## INFORMATION SUPPLIED

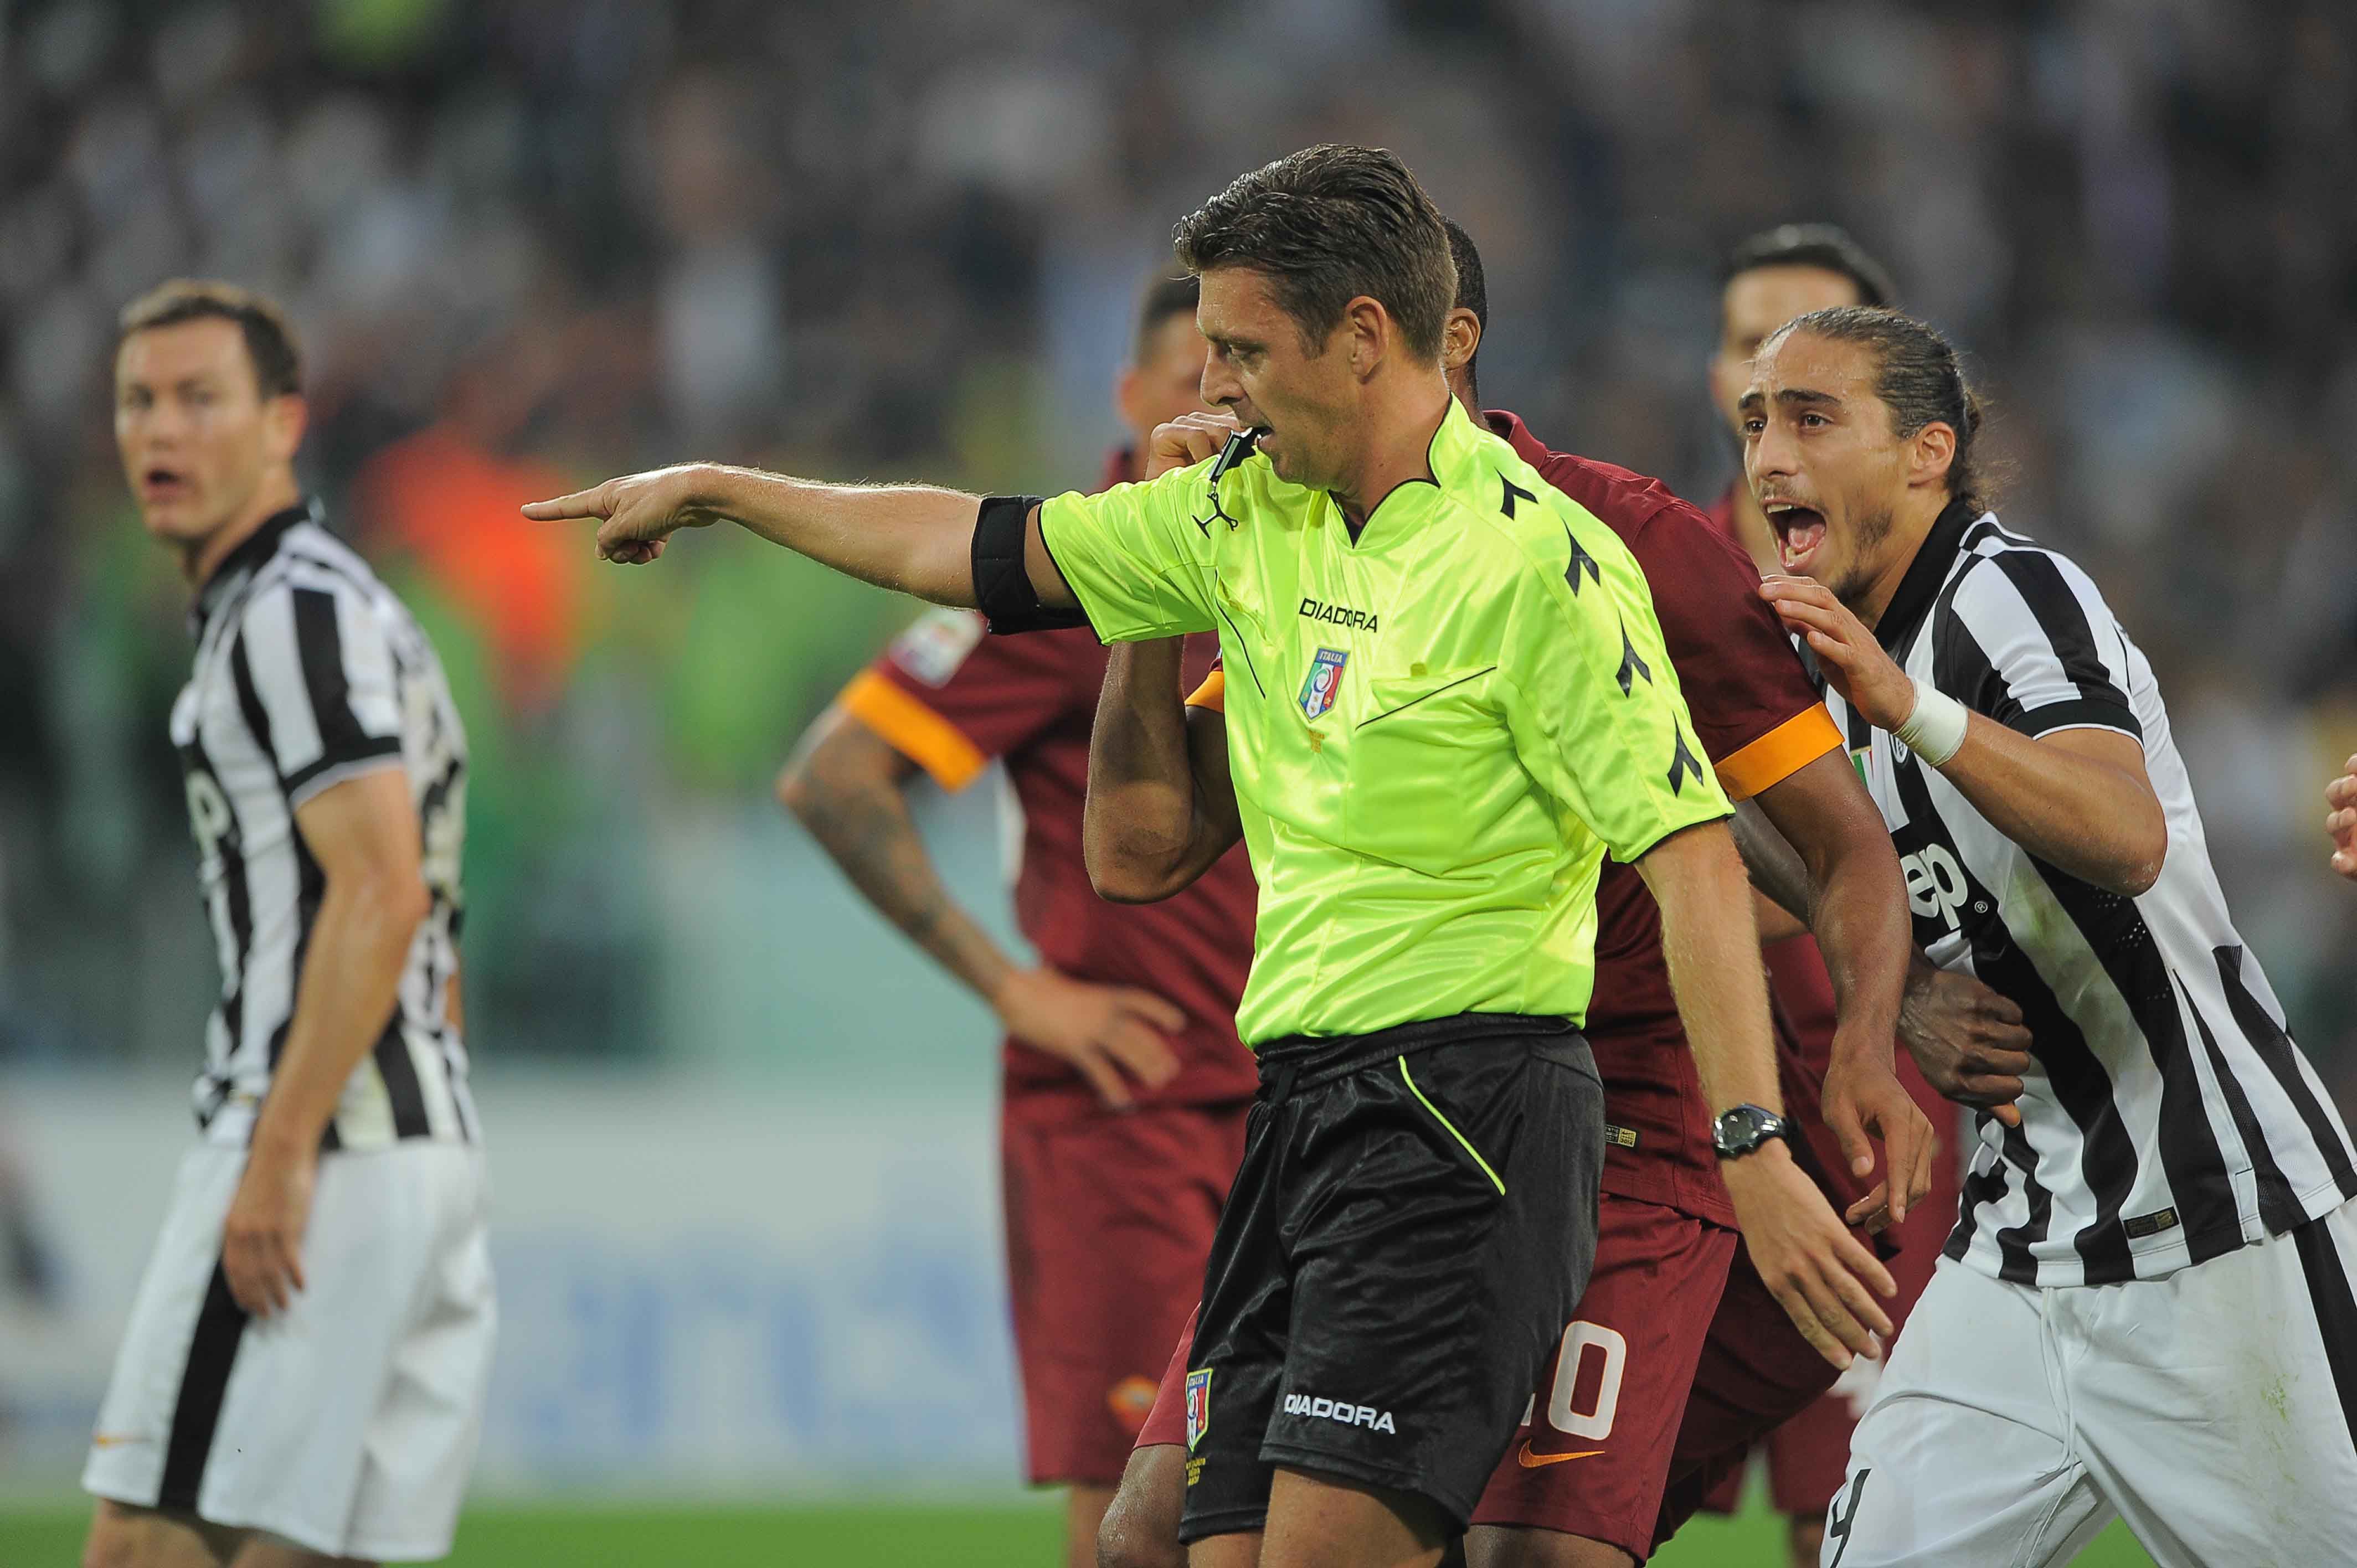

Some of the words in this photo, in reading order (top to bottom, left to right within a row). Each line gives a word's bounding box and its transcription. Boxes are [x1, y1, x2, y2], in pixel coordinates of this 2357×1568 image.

[1298, 598, 1378, 633] DIADORA
[1319, 651, 1343, 664] ITALIA
[1188, 1374, 1204, 1388] ITALIA
[1520, 1320, 1627, 1441] 0
[1284, 1393, 1396, 1435] DIADORA
[1830, 1468, 1872, 1568] 4

## WHAT TO WORK ON
Leave the pictures out and return the rest of the material exactly.

## WRITTEN ANSWER
Some of the words in this photo, in reading order (top to bottom, left to right within a row). Each line gives a word's bounding box and its transcription. Boxes are [x1, y1, x2, y2], in pixel coordinates of this 2357×1568 image.

[1298, 598, 1378, 633] DIADORA
[1319, 651, 1343, 664] ITALIA
[1188, 1374, 1204, 1388] ITALIA
[1520, 1320, 1627, 1441] 0
[1284, 1393, 1396, 1435] DIADORA
[1830, 1468, 1872, 1568] 4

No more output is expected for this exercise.